**Problem requirements:** Produce a verbatim copy of the records, and keep the images out of it.

**Extracted data:**

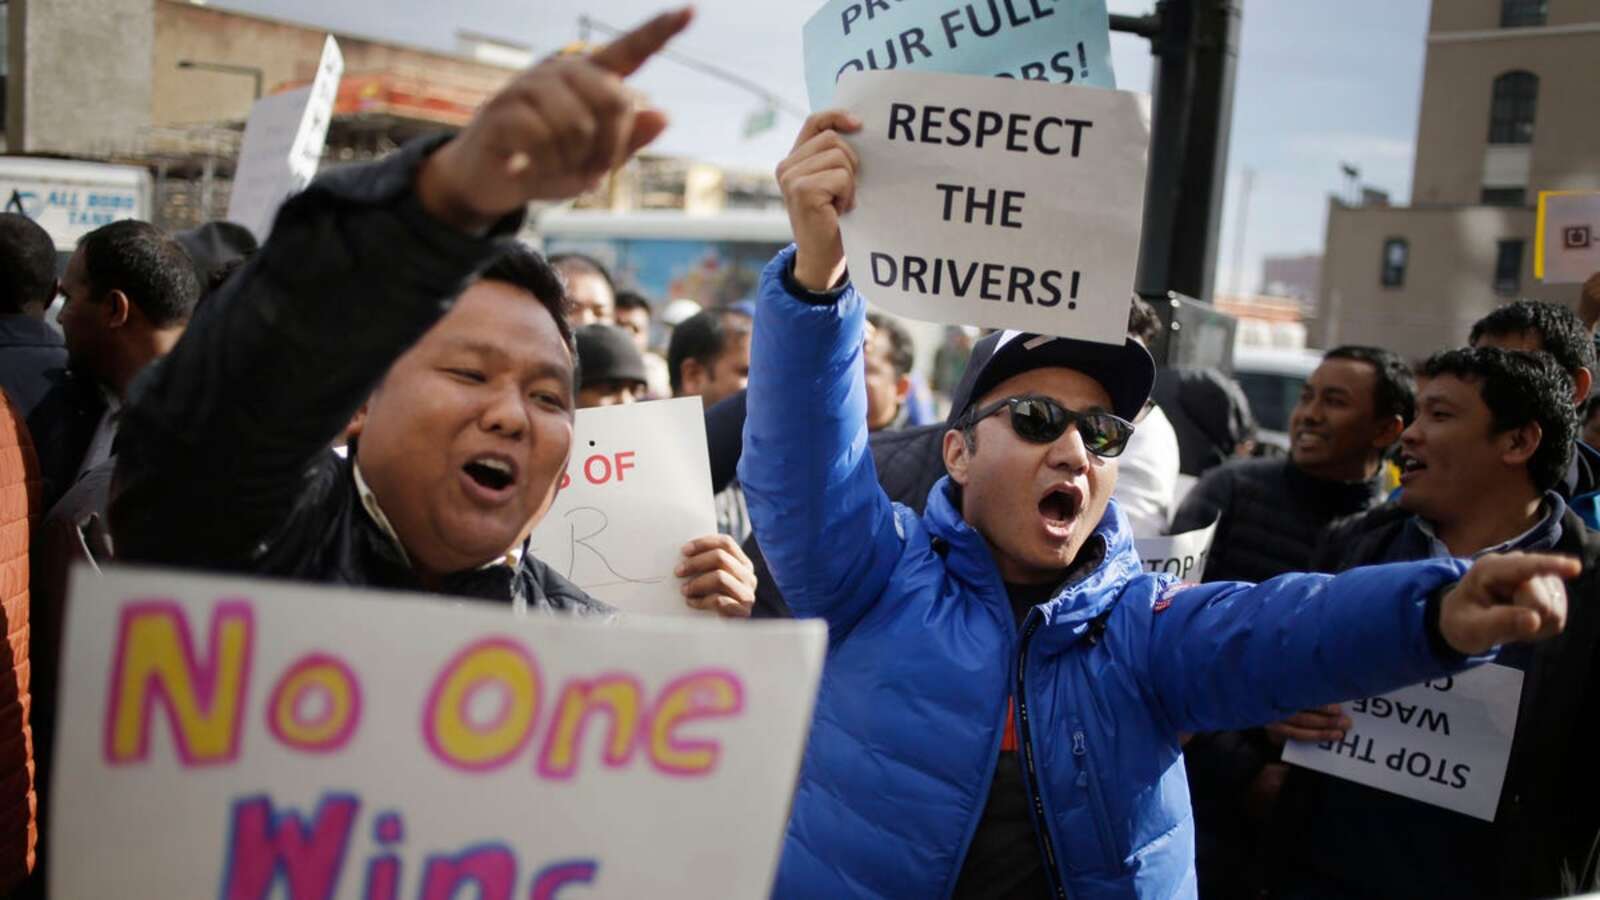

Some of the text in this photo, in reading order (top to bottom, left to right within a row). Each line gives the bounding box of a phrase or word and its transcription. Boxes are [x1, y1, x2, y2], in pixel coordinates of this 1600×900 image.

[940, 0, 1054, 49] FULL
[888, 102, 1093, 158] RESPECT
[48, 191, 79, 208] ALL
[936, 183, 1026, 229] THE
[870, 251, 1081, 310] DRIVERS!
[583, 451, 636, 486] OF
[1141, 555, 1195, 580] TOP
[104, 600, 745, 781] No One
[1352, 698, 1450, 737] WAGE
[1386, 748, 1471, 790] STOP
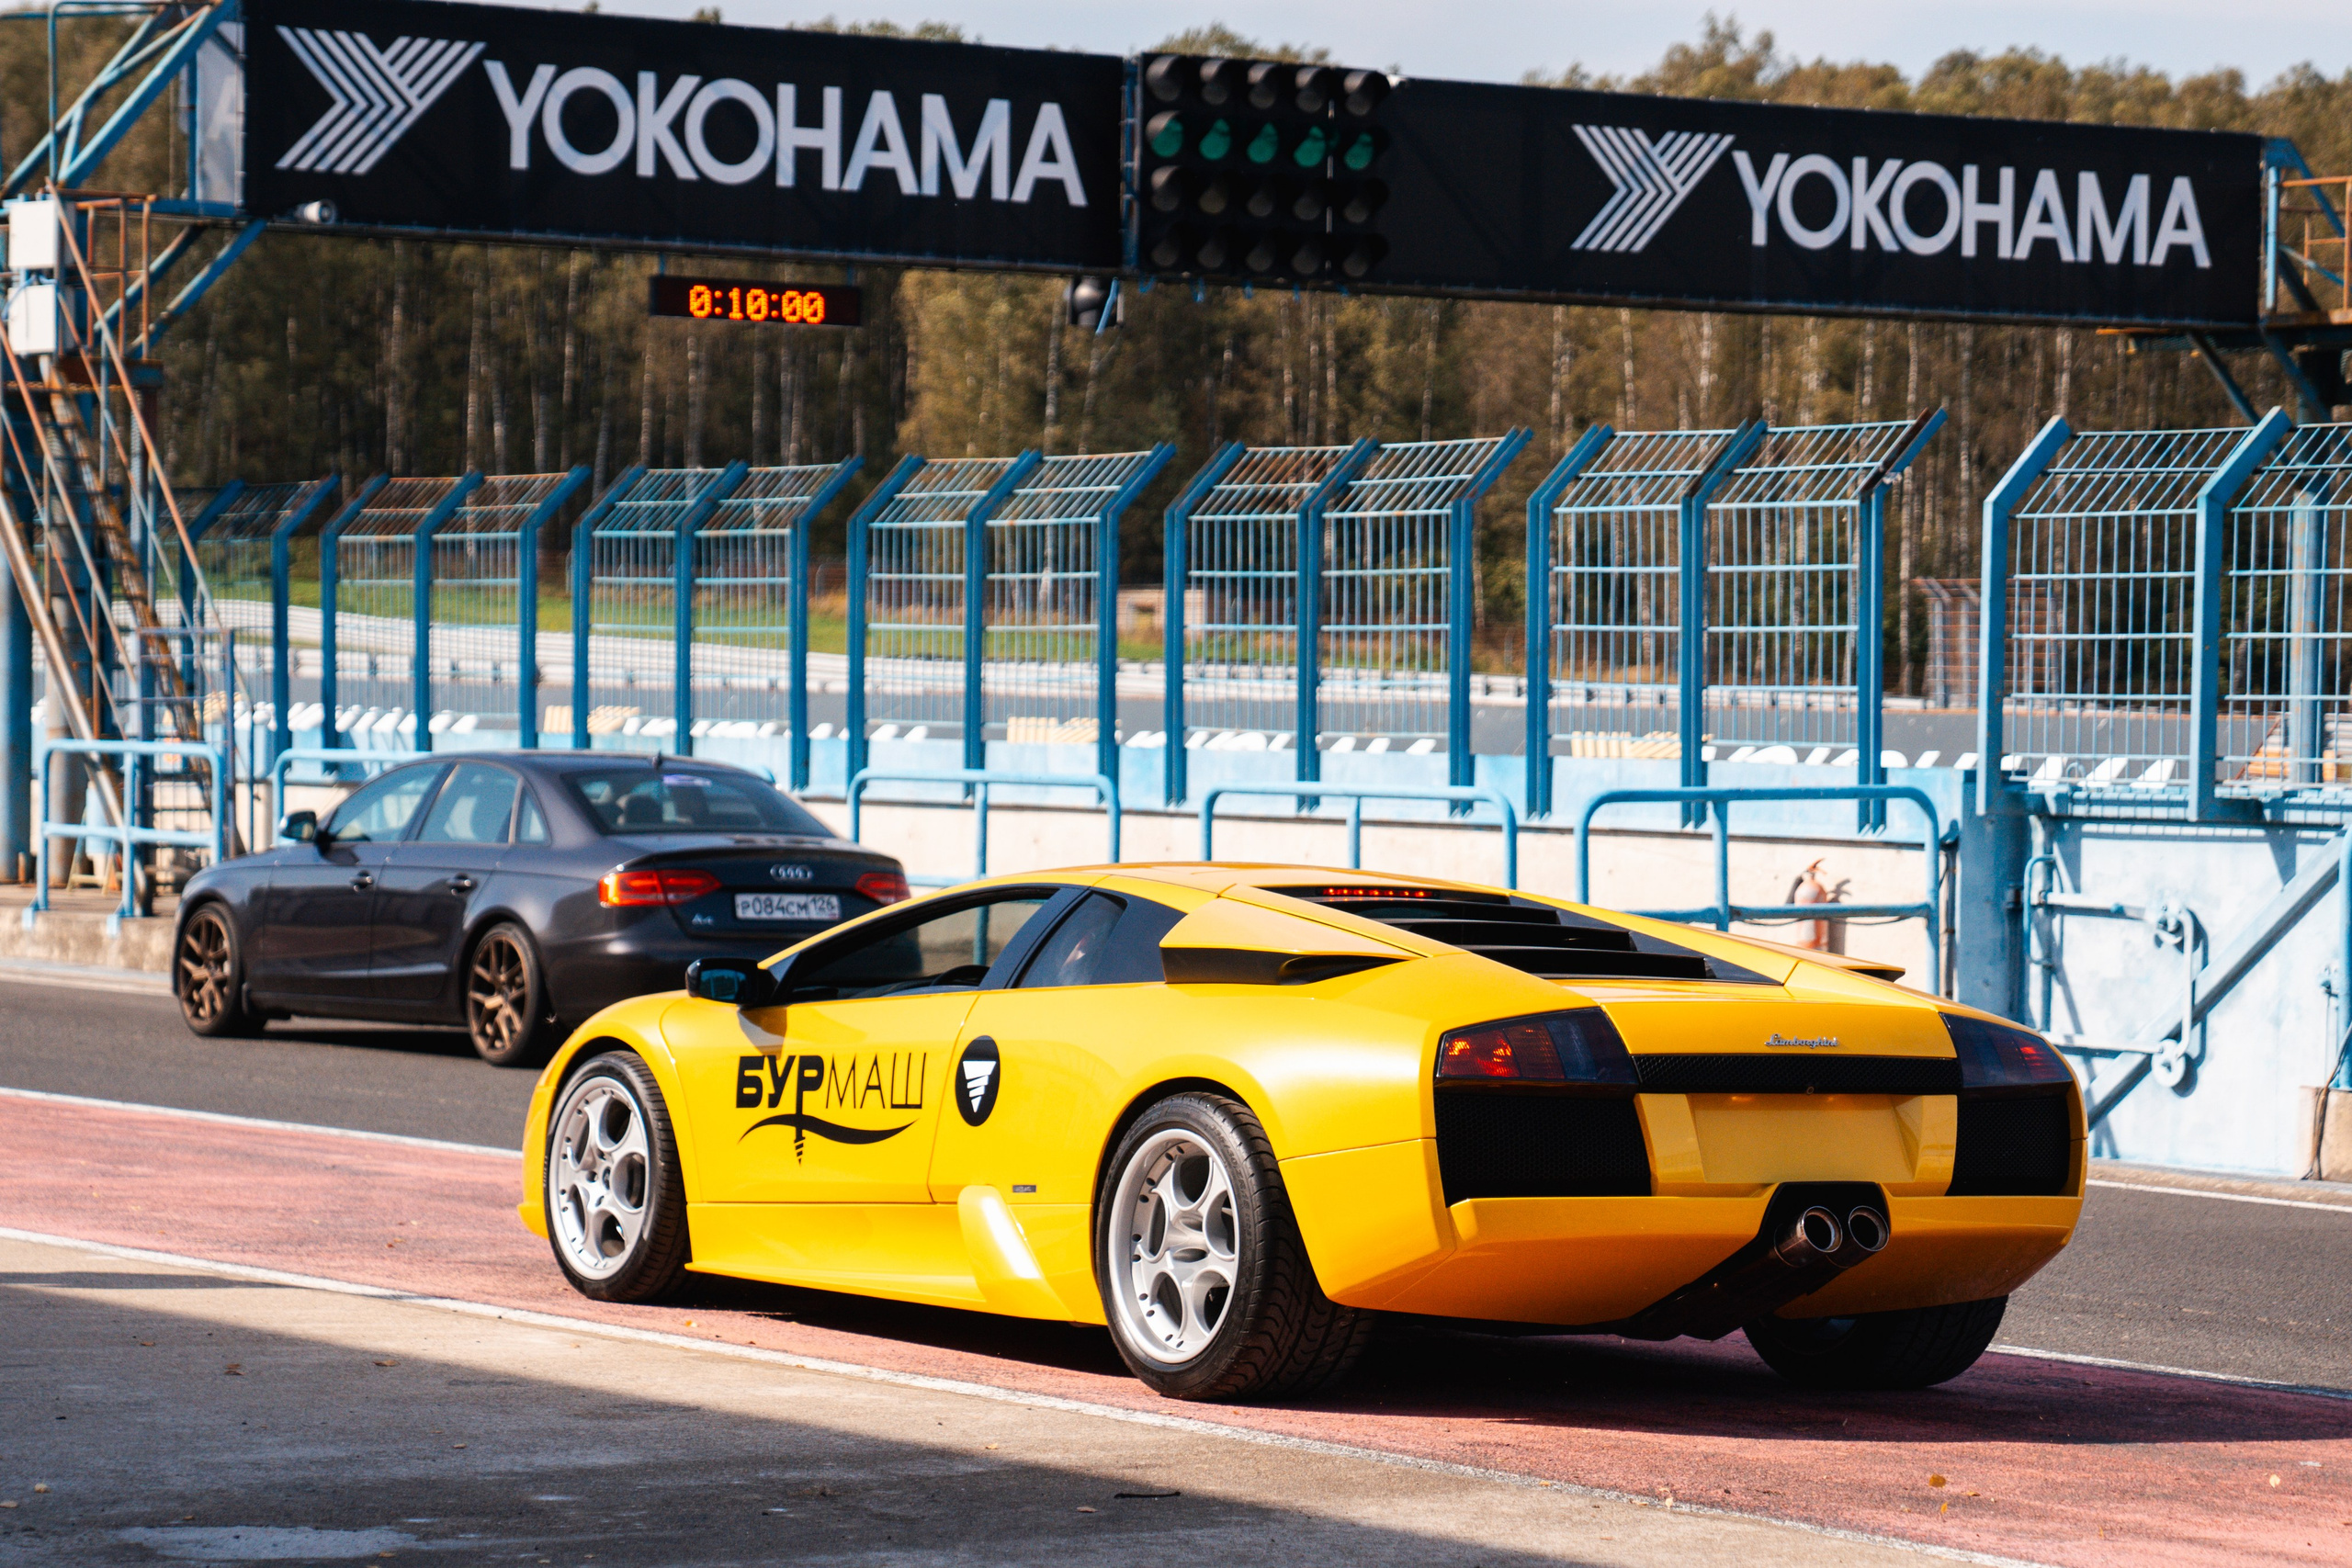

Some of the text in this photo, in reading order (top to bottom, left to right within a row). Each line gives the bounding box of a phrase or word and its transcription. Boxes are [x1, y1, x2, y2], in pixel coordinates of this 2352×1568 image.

**Solved exercise:**
Some of the text in this photo, in reading order (top to bottom, left to right within a row). Each line gives the bounding box of a phrase or word and its transcription. Boxes are [x1, y1, x2, y2], in pixel coordinates of this 1600×900 image.

[940, 0, 1054, 49] FULL
[888, 102, 1093, 158] RESPECT
[48, 191, 79, 208] ALL
[936, 183, 1026, 229] THE
[870, 251, 1081, 310] DRIVERS!
[583, 451, 636, 486] OF
[1141, 555, 1195, 580] TOP
[104, 600, 745, 781] No One
[1352, 698, 1450, 737] WAGE
[1386, 748, 1471, 790] STOP

Some of the text in this photo, in reading order (top to bottom, left to right within a row). Each line gives the bounding box of a phrase or word and its transcription. Boxes are [x1, y1, x2, y2], in pixel coordinates of this 2352×1568 image.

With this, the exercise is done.